◆ What you are asked to do
Exclude all pictures, then restate the entries below word for word.

Entries taken from a collection
= = = =
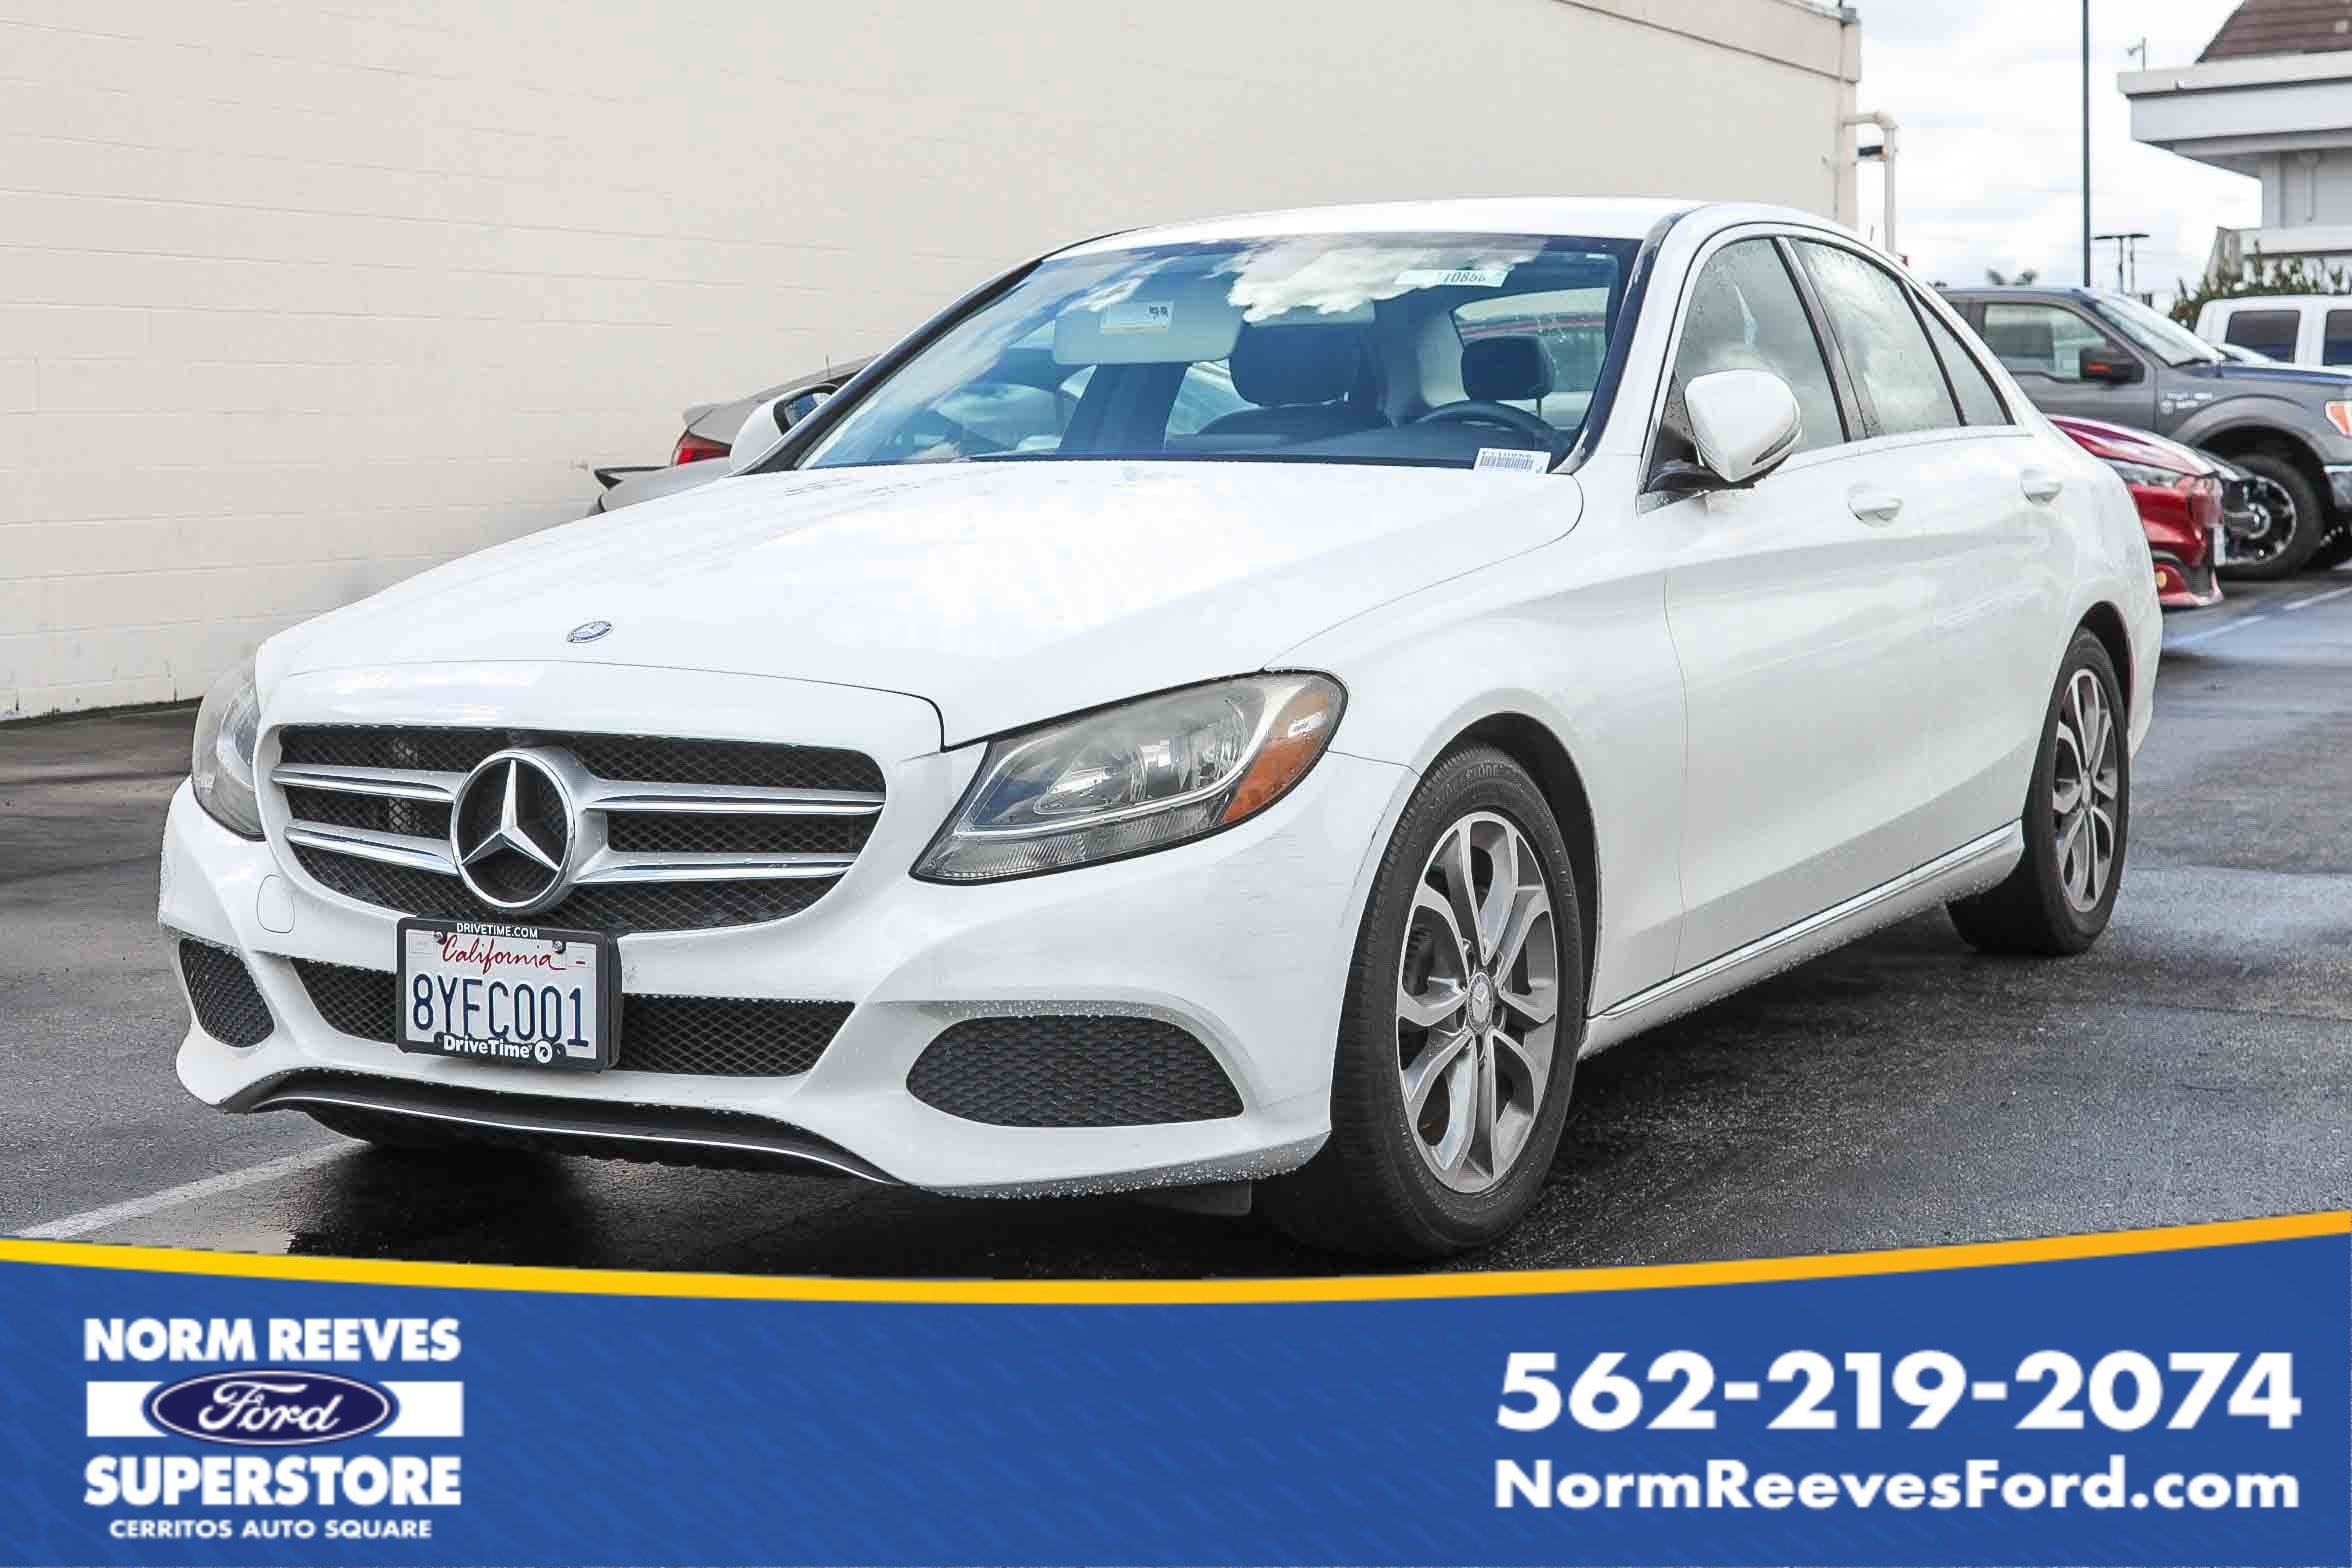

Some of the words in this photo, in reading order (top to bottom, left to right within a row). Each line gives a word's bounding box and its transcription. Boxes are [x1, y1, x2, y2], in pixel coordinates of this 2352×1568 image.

[456, 922, 538, 938] DRIVETIME.COM
[441, 934, 566, 975] California
[412, 973, 589, 1047] 8YFC001
[443, 1035, 530, 1057] DriveTime
= = = =
◆ Expected answer
Some of the words in this photo, in reading order (top to bottom, left to right within a row). Each line gives a word's bounding box and its transcription. Boxes are [x1, y1, x2, y2], in pixel coordinates of this 2352×1568 image.

[456, 922, 538, 938] DRIVETIME.COM
[441, 934, 566, 975] California
[412, 973, 589, 1047] 8YFC001
[443, 1035, 530, 1057] DriveTime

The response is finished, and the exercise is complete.